Task item
A faithful copy of the listing below is required.
[Data to examine — start]
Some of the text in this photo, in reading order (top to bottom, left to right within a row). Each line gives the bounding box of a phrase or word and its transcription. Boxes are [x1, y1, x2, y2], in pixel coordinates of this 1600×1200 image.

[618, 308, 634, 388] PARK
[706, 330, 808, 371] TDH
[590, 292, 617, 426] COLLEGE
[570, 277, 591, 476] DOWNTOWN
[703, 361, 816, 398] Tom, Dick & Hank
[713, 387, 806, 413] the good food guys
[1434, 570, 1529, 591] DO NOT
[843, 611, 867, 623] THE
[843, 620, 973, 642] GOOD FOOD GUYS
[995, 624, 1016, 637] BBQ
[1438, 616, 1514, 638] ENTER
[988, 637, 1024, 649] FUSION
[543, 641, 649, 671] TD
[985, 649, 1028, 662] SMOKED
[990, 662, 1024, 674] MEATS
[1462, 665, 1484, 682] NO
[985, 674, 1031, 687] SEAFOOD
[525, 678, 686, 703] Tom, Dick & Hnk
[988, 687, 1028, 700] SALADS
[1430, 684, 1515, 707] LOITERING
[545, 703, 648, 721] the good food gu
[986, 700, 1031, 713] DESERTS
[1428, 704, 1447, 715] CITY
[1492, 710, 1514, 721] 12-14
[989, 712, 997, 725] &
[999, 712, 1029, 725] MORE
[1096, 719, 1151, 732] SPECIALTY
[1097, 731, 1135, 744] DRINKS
[Data to examine — finish]
Answer space
Some of the text in this photo, in reading order (top to bottom, left to right within a row). Each line gives the bounding box of a phrase or word and its transcription. Boxes are [x1, y1, x2, y2], in pixel coordinates of this 1600×1200 image.

[618, 308, 634, 388] PARK
[706, 330, 808, 371] TDH
[590, 292, 617, 426] COLLEGE
[570, 277, 591, 476] DOWNTOWN
[703, 361, 816, 398] Tom, Dick & Hank
[713, 387, 806, 413] the good food guys
[1434, 570, 1529, 591] DO NOT
[843, 611, 867, 623] THE
[843, 620, 973, 642] GOOD FOOD GUYS
[995, 624, 1016, 637] BBQ
[1438, 616, 1514, 638] ENTER
[988, 637, 1024, 649] FUSION
[543, 641, 649, 671] TD
[985, 649, 1028, 662] SMOKED
[990, 662, 1024, 674] MEATS
[1462, 665, 1484, 682] NO
[985, 674, 1031, 687] SEAFOOD
[525, 678, 686, 703] Tom, Dick & Hnk
[988, 687, 1028, 700] SALADS
[1430, 684, 1515, 707] LOITERING
[545, 703, 648, 721] the good food gu
[986, 700, 1031, 713] DESERTS
[1428, 704, 1447, 715] CITY
[1492, 710, 1514, 721] 12-14
[989, 712, 997, 725] &
[999, 712, 1029, 725] MORE
[1096, 719, 1151, 732] SPECIALTY
[1097, 731, 1135, 744] DRINKS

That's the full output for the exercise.